*Source data:*

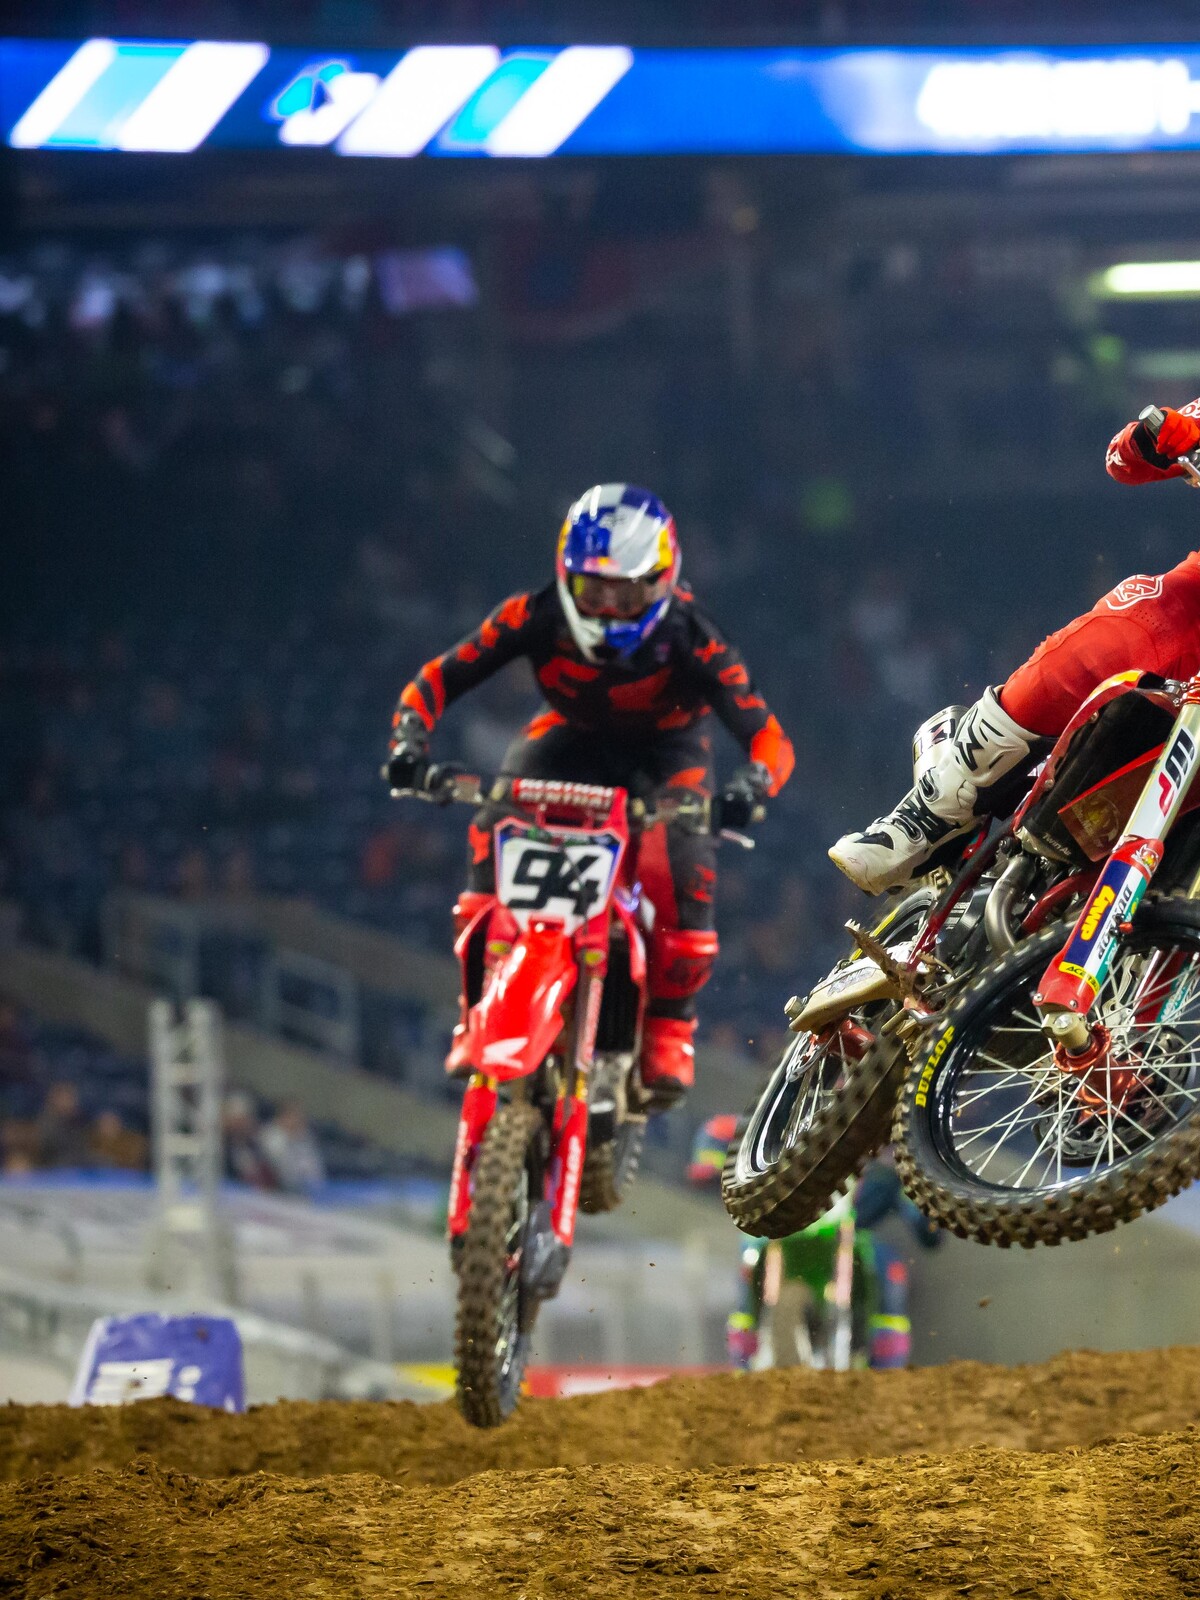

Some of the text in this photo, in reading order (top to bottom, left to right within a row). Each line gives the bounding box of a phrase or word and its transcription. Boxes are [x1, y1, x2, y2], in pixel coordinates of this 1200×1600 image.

[1042, 832, 1072, 857] Twin Air
[507, 848, 600, 916] 94
[915, 1025, 955, 1109] DUNLOP
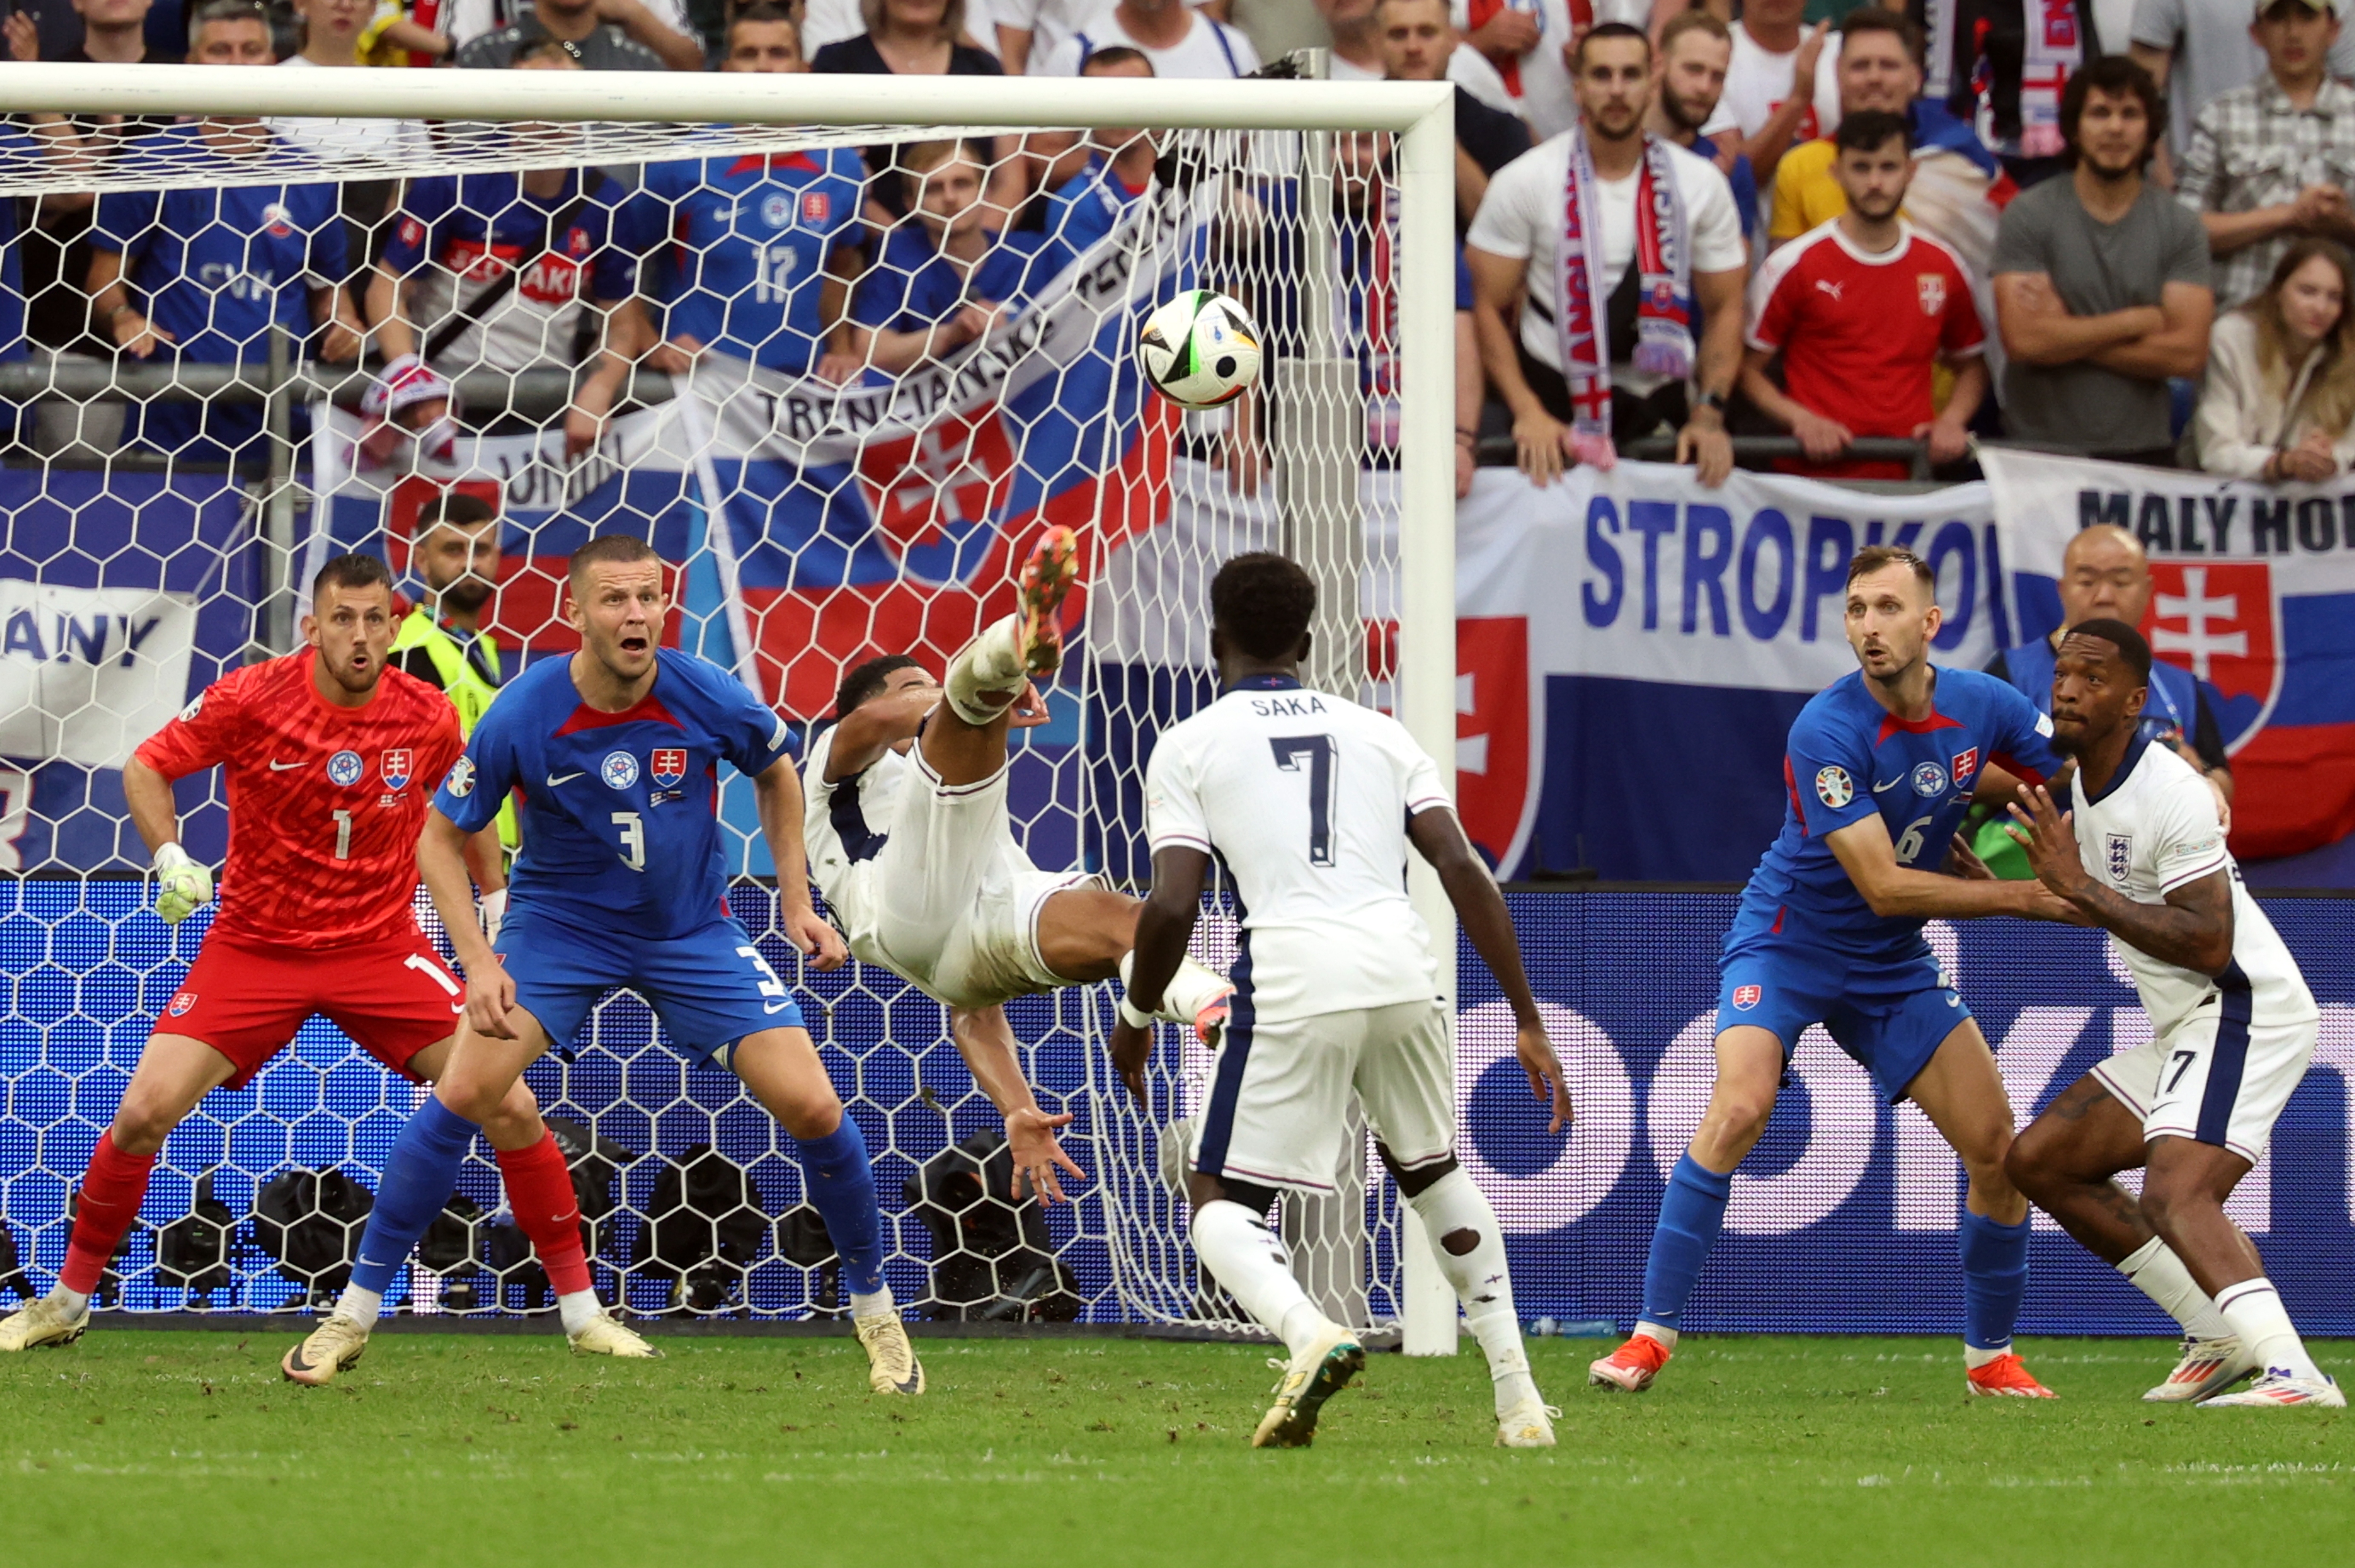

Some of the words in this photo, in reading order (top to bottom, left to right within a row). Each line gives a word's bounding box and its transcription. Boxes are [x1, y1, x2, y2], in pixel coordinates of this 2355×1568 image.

*Exercise:*
Write the records out again exactly; none of the pictures belong in the copy.

*Written solution:*
Some of the text in this photo, in reading order (top to bottom, left to right within a row). Each line gives the bounding box of a phrase or word and its transcription. Boxes are [x1, y1, x2, y2], in pixel coordinates of this 1200×1600 image.

[1042, 832, 1072, 857] Twin Air
[507, 848, 600, 916] 94
[915, 1025, 955, 1109] DUNLOP

Some of the words in this photo, in reading order (top to bottom, left to right within a row). Each line gives a word's bounding box and its transcription. Boxes are [x1, y1, x2, y2], in pixel coordinates of this 2355×1568 image.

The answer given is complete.